What does cfDNA screen for?
This test screens for some conditions caused by too many chromosomes. These conditions include Down syndrome, trisomy 18, and trisomy 13. In pregnancies with one baby, cfDNA also screens for variations in the X and Y sex chromosomes. These conditions include Turner syndrome, Klinefelter syndrome, trisomy X, and XYY. Sex chromosomal conditions can’t be screened in a twin pregnancy. The test doesn’t screen for any other chromosomal conditions or birth defects.
Can cfDNA tell the sex of the baby?
Yes, cfDNA can predict the sex of the baby. This can be included in the test results on request. There’s a small chance (less than 1 percent) for the sex prediction to be wrong.
How does cfDNA work?
The test studies bits of fetal DNA that can be found in a person’s blood when they’re pregnant. These fragments of fetal DNA come mainly from the placenta.

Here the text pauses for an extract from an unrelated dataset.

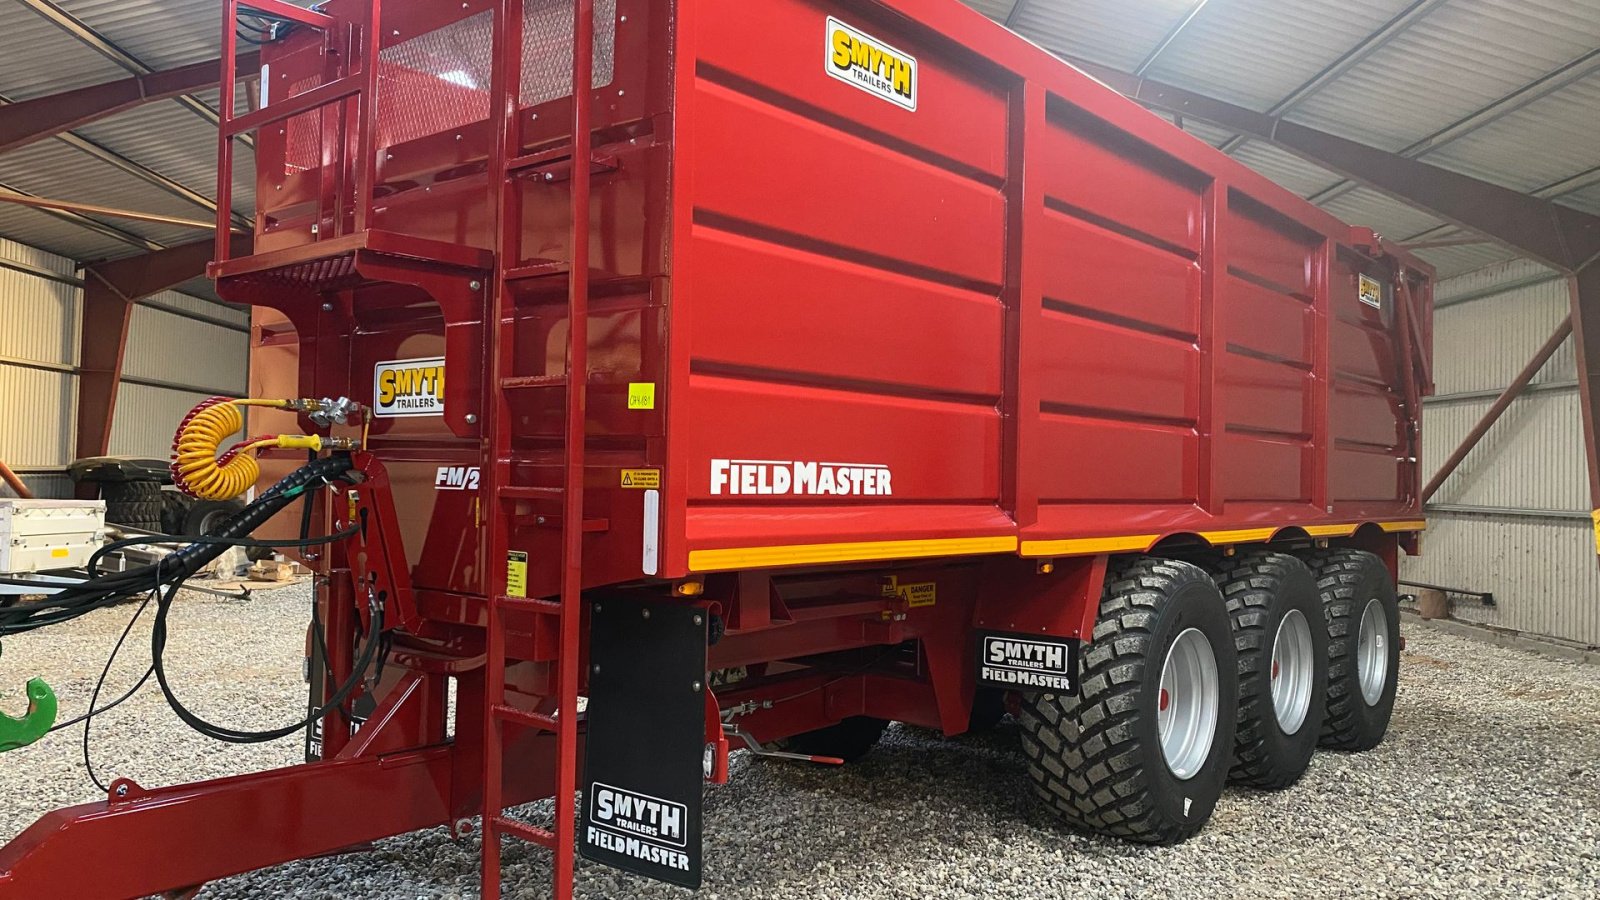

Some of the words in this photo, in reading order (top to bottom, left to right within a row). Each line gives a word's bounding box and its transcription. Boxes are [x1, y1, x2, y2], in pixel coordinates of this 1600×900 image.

What type of results could I get?
cfDNA test results can be:
- Screen negative. This result means the baby is unlikely to have any of the conditions the test looked for.
- Screen positive. This means the baby has a higher chance of having one of the chromosomal conditions the test looked for. Your doctor will talk to you about additional testing that can find out for sure.
- Inadequate (no result). This means the sample didn’t meet our quality standards and a result couldn’t be obtained. Your doctor may order a repeat cfDNA test or refer you to a specialist to talk about other options.
Are screening tests 100 percent accurate?
Not always. CfDNA tests can:
- Give a false positive result. This is when the test results are positive, but the baby does not have any of the conditions the test looked for.
- Give a false negative result. This is when the test results are negative, but the baby does have one of the conditions the test looked for. This type of result is rare.